The most significant structural insight from this history: USD/CAD has consistently ranged between 0.92 and 1.46 over 30 years, driven primarily by the oil cycle. When oil is in a multi-year bull run, CAD strengthens toward 1.00. When oil enters a bear cycle, CAD weakens toward 1.40+. This framework gives businesses and individuals planning large CAD/USD conversions a useful long-term context for assessing whether current rates are historically cheap or expensive.
Practical guide for travellers and transfers
For US residents travelling to Canada
Canadian ATMs (RBC, TD, Scotiabank, BMO, CIBC) dispense CAD at competitive rates. Major US credit and debit cards are universally accepted across Canadian cities. Canada’s tap-to-pay infrastructure is among the most advanced in the world — most transactions are contactless. Airport exchange at YYZ, YVR, and YUL typically charges 4–7% margins on smaller amounts.
One practical note: many Canadian businesses quote prices that add 13–15% HST/GST at checkout — unlike the US where tax is added at point of sale, this can feel like sticker shock if you’re not expecting it. Your actual USD cost also includes the exchange rate, so real-time comparison between US and Canadian prices requires both the exchange rate and the tax differential.

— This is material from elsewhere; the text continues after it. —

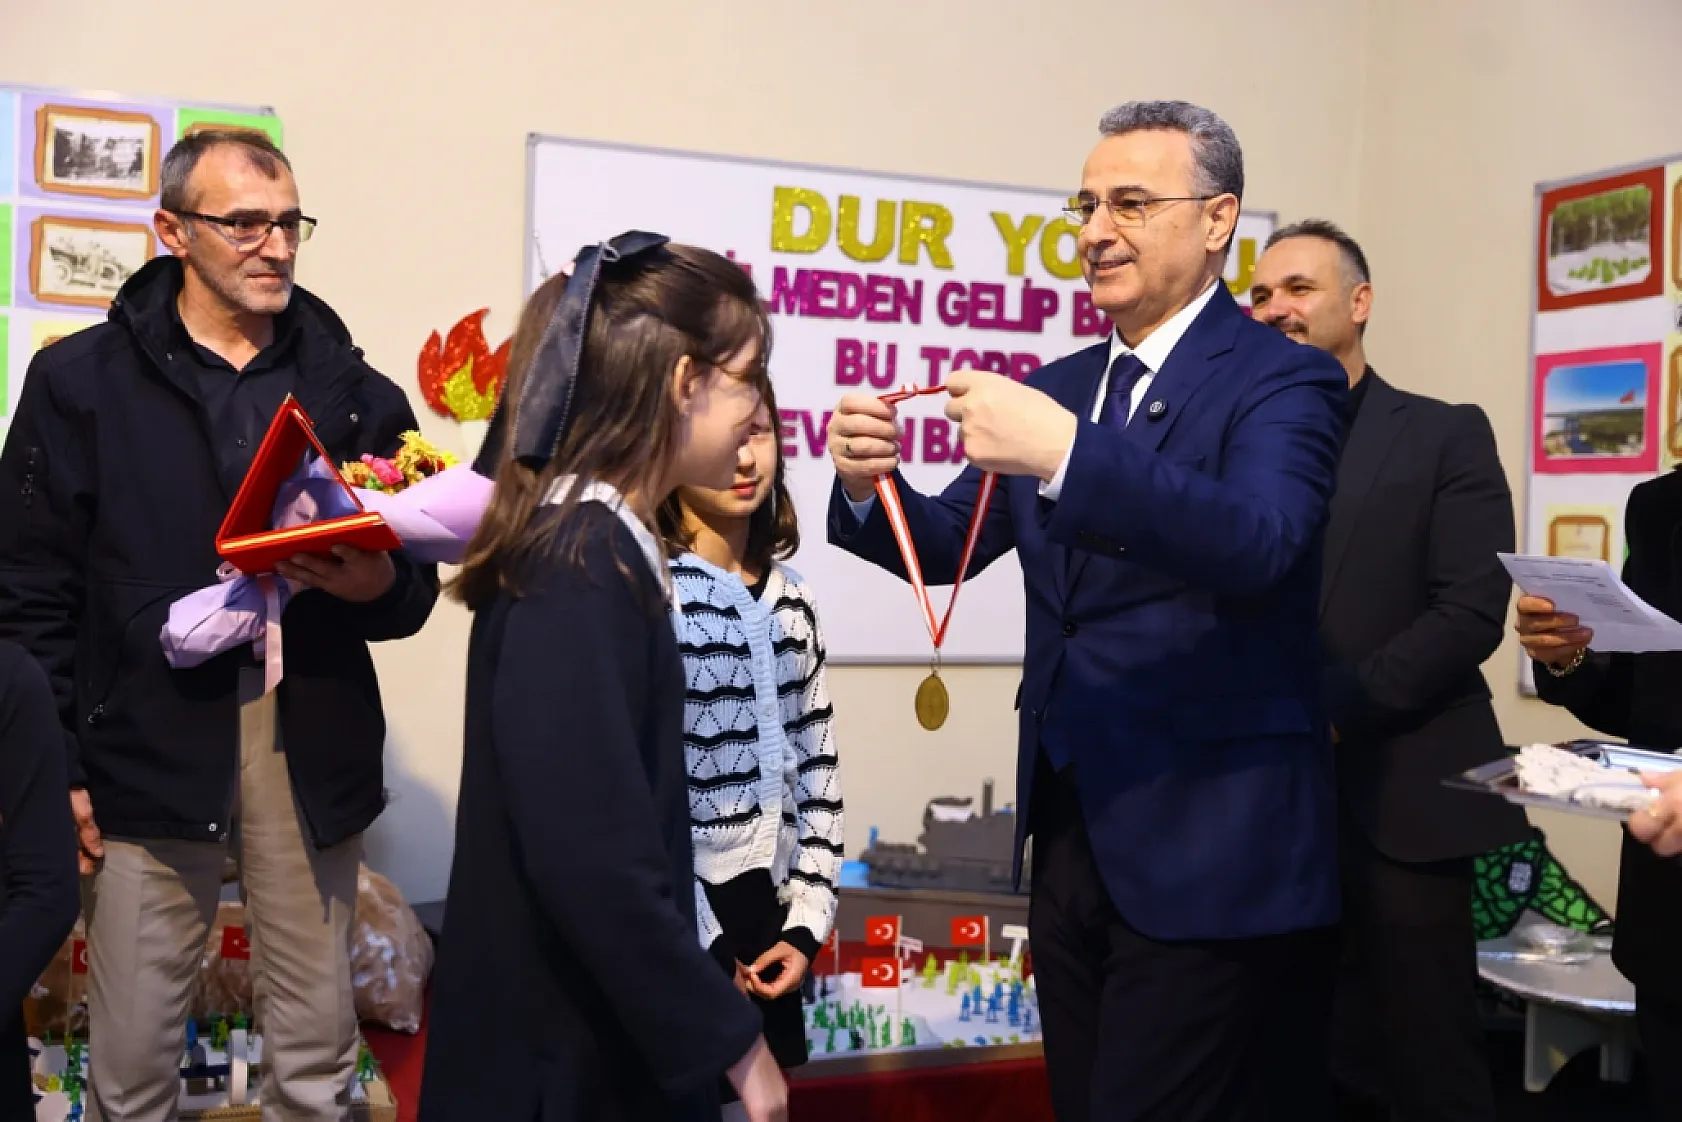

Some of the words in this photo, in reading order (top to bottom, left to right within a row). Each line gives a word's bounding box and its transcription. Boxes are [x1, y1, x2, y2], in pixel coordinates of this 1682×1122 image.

[771, 186, 954, 270] DUR
[937, 278, 1059, 333] GELİP
[835, 338, 898, 389] BU
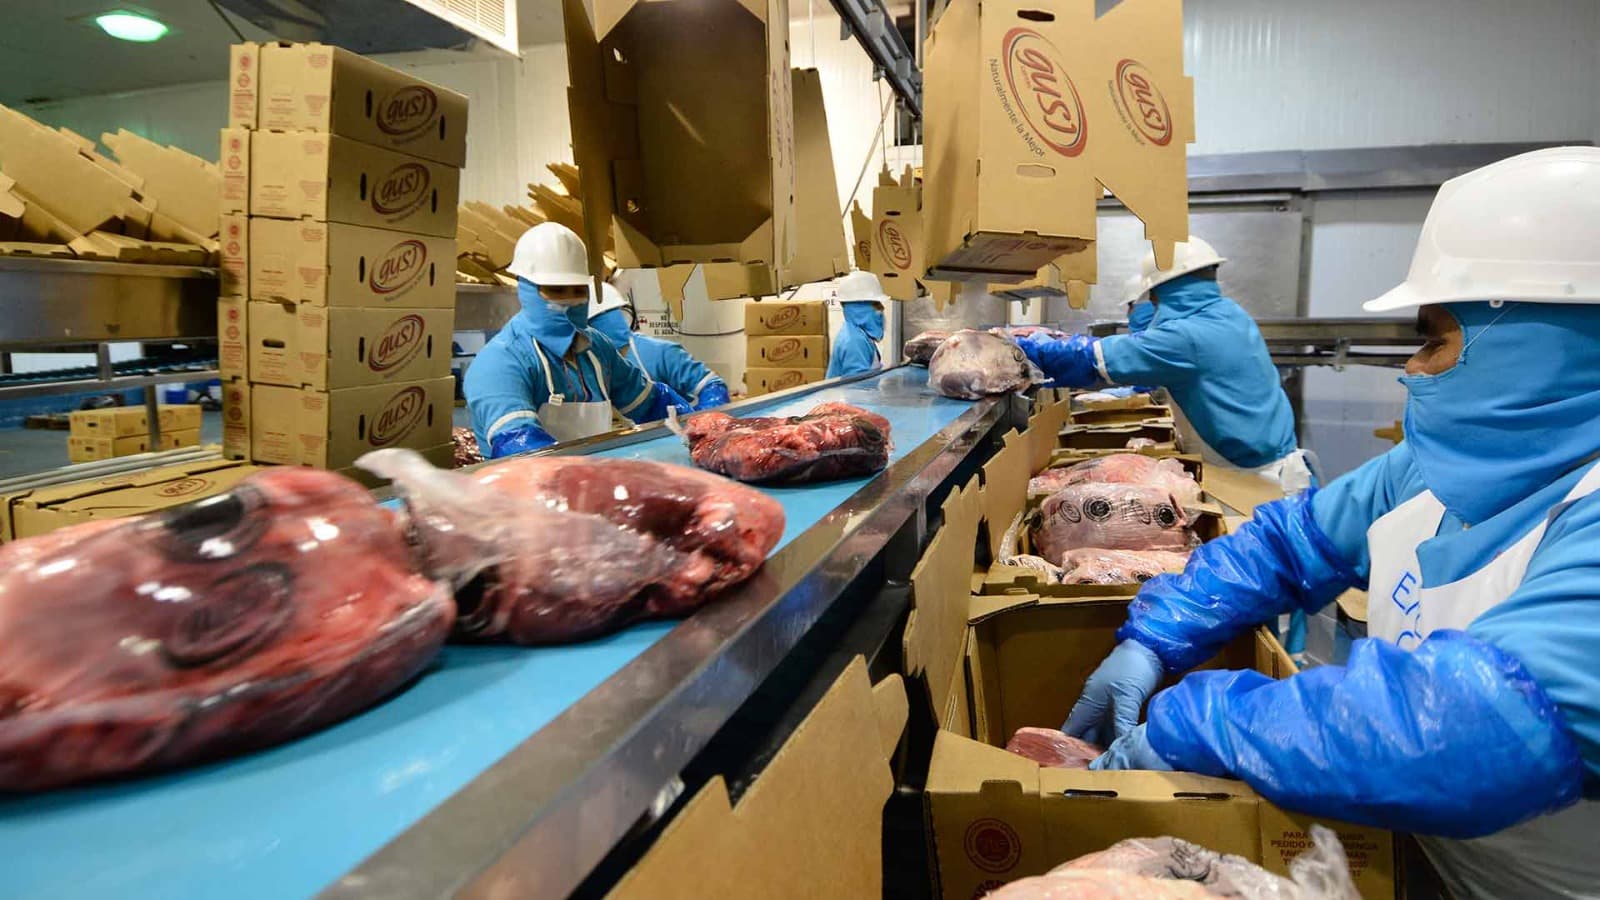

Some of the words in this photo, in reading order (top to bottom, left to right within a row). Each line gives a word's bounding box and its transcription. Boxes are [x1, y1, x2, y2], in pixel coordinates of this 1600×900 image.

For large CAD/USD transfers
USD/CAD is a volatile pair — it moved from 1.25 to 1.46 in less than six months in 2015. For property purchases in Canada, business payments, or remittances, specialist FX platforms offer 1–2.5% better rates than Canadian or US banks. Monitor Bank of Canada meeting dates, WTI oil prices, and US-Canada trade news for optimal conversion windows on the FX Rate Live Economic Calendar.

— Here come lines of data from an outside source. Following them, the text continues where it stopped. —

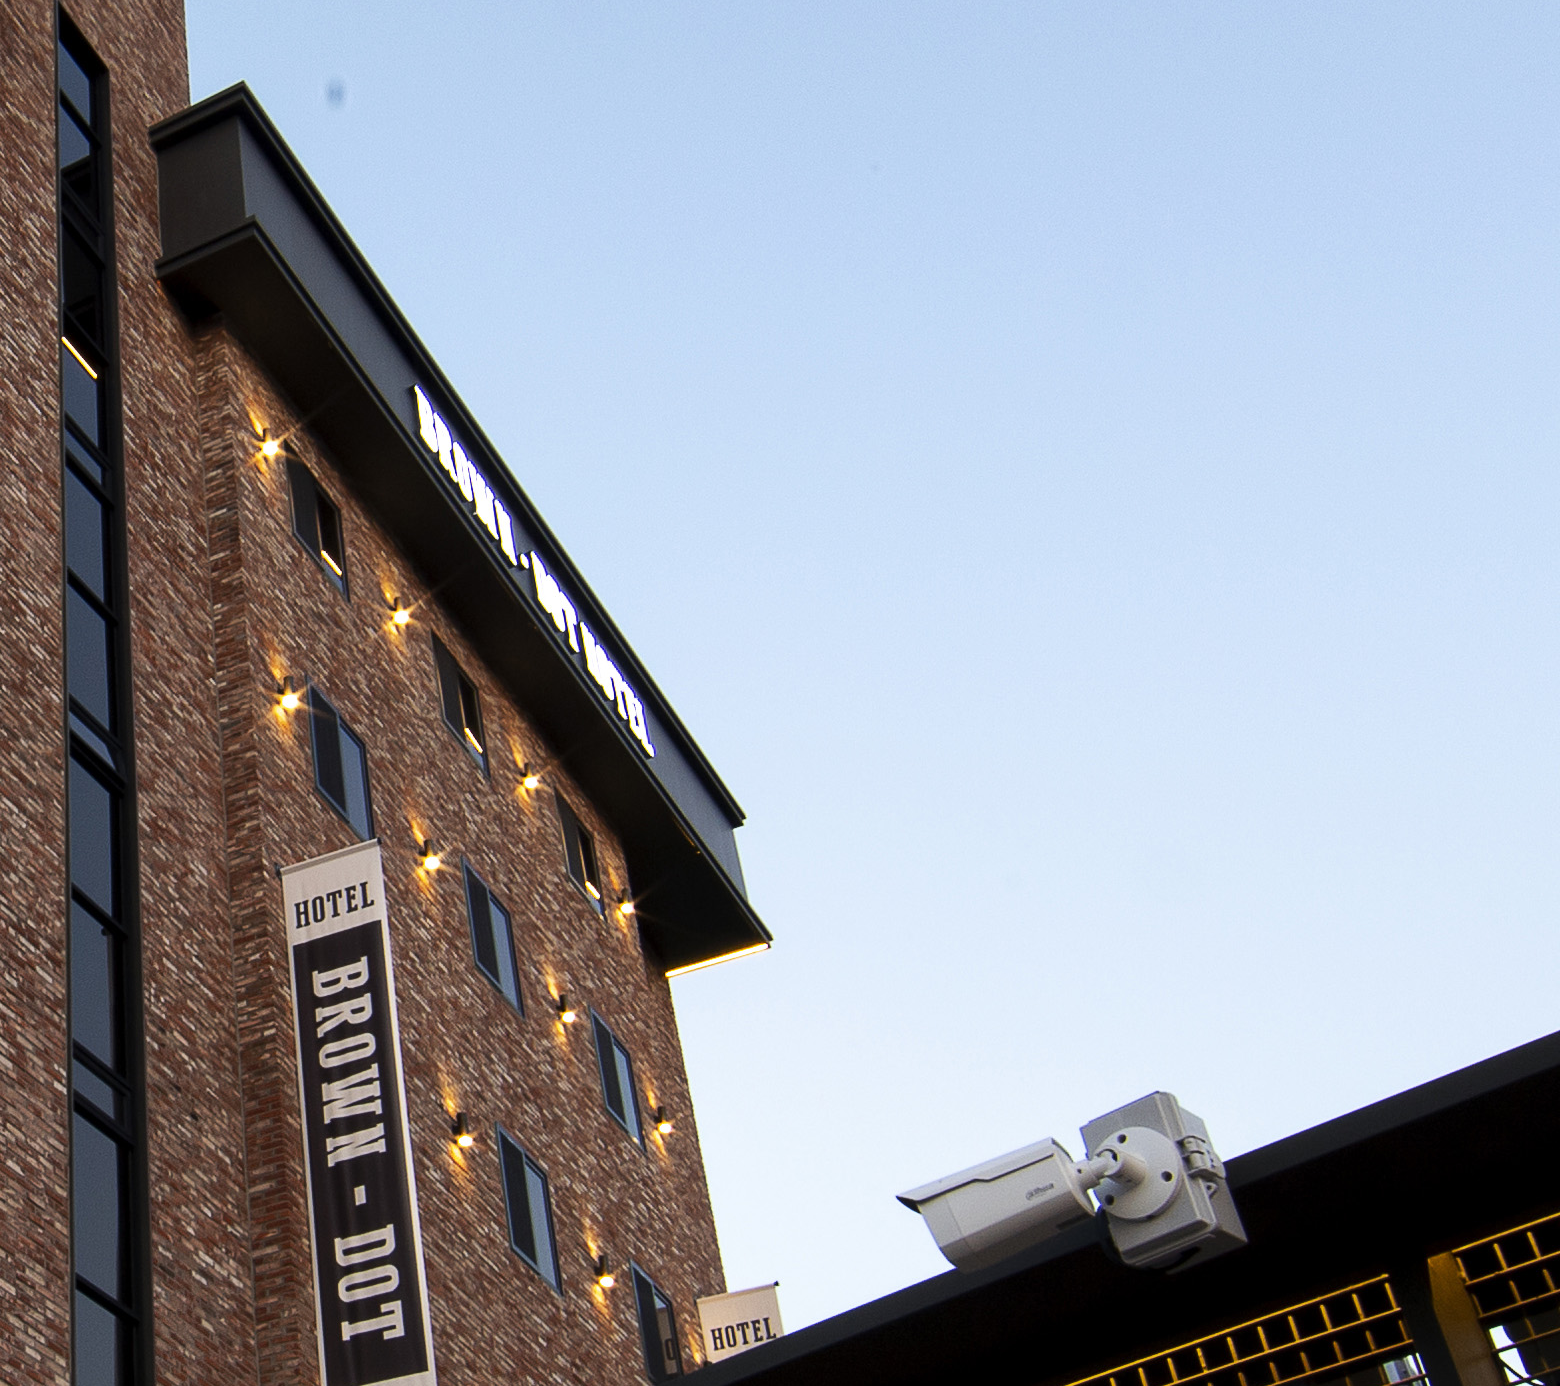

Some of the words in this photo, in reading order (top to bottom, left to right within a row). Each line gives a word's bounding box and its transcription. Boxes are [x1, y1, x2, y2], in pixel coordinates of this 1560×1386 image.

[414, 384, 518, 566] BROWN
[293, 880, 376, 930] HOTEL
[311, 955, 387, 1168] BROWN
[334, 1223, 405, 1342] DOT
[710, 1316, 777, 1352] HOTEL

The USD/CAD rate directly affects the attractiveness of cross-border shopping between Canada and the US. When USD/CAD is above 1.35, Canadians benefit significantly from buying in the US (their dollar buys more USD). When rates approach 1.00 (parity), the advantage narrows. This retail dimension of the pair creates recurring seasonal demand patterns around major US shopping events like Black Friday, which has a direct and measurable impact on cross-border transaction volumes.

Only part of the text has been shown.